Thank you for this article. I applaud your quest for the best outcome for your children and hope for your sakes that the medical profession and politicians go back to ethical and evidence based policies.
Very interesting.
I've skimmed through your reference here:
"gender medicine advocates resort to claims about patient autonomy and choice, even questioning the “prevailing narrative” that assumes “transition should lead to improvement”." (https://link.springer.com/article/10.1186/s12910-024-01143-8)
I find it utterly baffling. The tactic reminds me of that used in Greenhalgh et al.'s work on mask effectiveness: if gold-standard medical evidence doesn't support your conclusion (or, in this case, is absent), then simply question the authority ascribed to this standard, and propose a different standard which produces an answer more to your liking.
In Greenhalgh's case this amounts to simply moving the goalposts on the demarcation problem ("what counts as Science?"). I think this contribution here is more nuanced, more interesting and less obviously self-serving of a particular agenda, but still very flawed.

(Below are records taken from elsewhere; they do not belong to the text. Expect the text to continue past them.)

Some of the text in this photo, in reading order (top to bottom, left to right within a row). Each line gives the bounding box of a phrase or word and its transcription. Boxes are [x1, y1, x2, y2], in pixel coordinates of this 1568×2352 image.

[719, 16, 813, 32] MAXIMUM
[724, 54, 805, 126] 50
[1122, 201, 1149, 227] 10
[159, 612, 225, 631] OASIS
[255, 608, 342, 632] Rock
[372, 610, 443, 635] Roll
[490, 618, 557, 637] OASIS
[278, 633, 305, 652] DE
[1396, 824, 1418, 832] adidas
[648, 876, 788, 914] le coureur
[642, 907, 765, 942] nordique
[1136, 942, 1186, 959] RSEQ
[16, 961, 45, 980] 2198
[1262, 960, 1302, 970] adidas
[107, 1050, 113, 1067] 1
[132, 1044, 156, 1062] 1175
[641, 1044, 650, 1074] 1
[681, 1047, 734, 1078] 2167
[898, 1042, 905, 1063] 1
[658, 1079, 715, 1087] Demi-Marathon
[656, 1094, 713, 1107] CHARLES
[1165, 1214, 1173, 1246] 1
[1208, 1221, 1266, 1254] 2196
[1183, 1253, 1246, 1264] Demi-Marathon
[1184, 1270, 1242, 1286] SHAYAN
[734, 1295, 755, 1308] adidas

The authors confront the evidence that, in many cases, GAMT does not result in "progress" or "improvement" in the patient's condition - or even puts them in a _worse_ condition; in doing so they come up with some interesting points - in particular, that prospective patients feel under pressure to intensify and exaggerate their pre-GAMT "distress" in order to attain a presented "distress-level" sufficient to access GAMT. This fascinating point, which must have contributed significantly to the stridency of arguments about the issue, is not followed up further, though.

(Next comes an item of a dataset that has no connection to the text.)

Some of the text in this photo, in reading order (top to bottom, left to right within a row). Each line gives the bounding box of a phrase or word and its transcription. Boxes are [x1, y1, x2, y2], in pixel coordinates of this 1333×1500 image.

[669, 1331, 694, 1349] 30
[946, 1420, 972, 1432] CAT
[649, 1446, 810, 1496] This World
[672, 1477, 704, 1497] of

There's nothing wrong with pointing out that people's life experience during and post-GAMT can be "nuanced" or "complex", as it undoubtedly can be. But sweeping up all the undoubted distress and regret some people feel after GAMT, only to then devalue it as merely the result of applying a faulty, "trans-negative" epistemology which can perceive only "progress from distress to well-being", in favour of an insufficiently-specified respect for "complexity" and "nuance", seems to me to be just as "epistemically oppressive" towards those people as the supposedly "trans-negative" narrative of "distress; GAMT; progress; well-being" the authors wish to displace is cast as being.
The authors don't seem to realise that in decoupling the value of GAMT from a criterion based on outcomes, in explicitly removing it from the ambit of the standard of beneficence and non-maleficence, they take on the onus to assert its value under a different criterion. But they fail to provide this different criterion. Reading between the author's lines, it's not hard to discern an underlying construction, on their part, of gender dysphoria (or whatever you like to call it) as a state of _continual_ difficulty, _continuously_-recurring distress (however "nuanced" and "complex"): a condition which is not actually amenable to "improvement" (or "deterioration" either) by GAMT at all.

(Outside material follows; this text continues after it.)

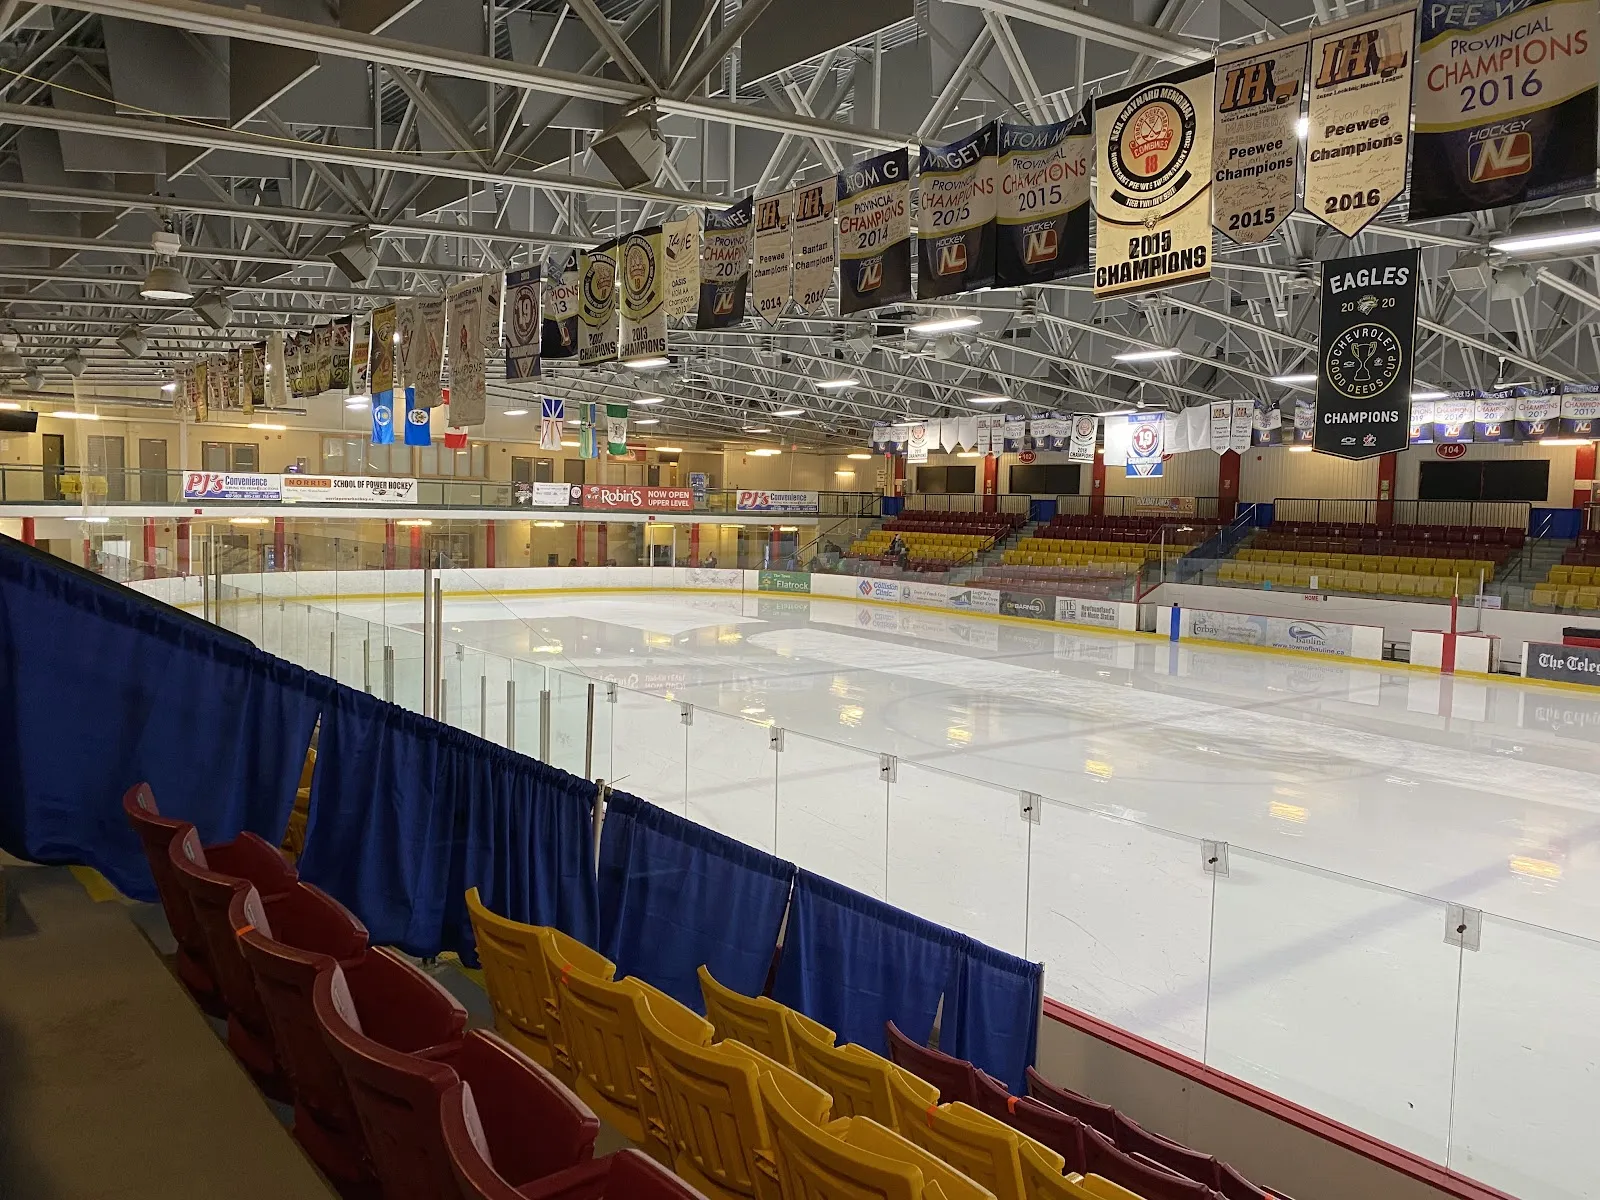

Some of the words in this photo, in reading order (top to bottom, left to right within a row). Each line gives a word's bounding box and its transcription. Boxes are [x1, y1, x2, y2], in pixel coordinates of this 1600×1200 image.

In the face of such a phenomenon, evaluating GAMT in terms of "improvement" or "deterioration" would be pointless. But if this is the case, then the article provides no argument whatsoever for or against GAMT. If GAMT is not actually about improving someone's condition and life-experience, then what, actually, is it for? This is the burning question which this article leaves unanswered.
One thing seems certain: that if GAMT is not subject to criteria of beneficence and non-maleficence, if the outcomes resulting from it are not important in evaluating it, then medicine has to simply throw up its hands and say "I can't deal with or even engage with this". If this is the argument, then GAMT (whatever it actually is) is not a medical intervention. What is it supposed to be, then?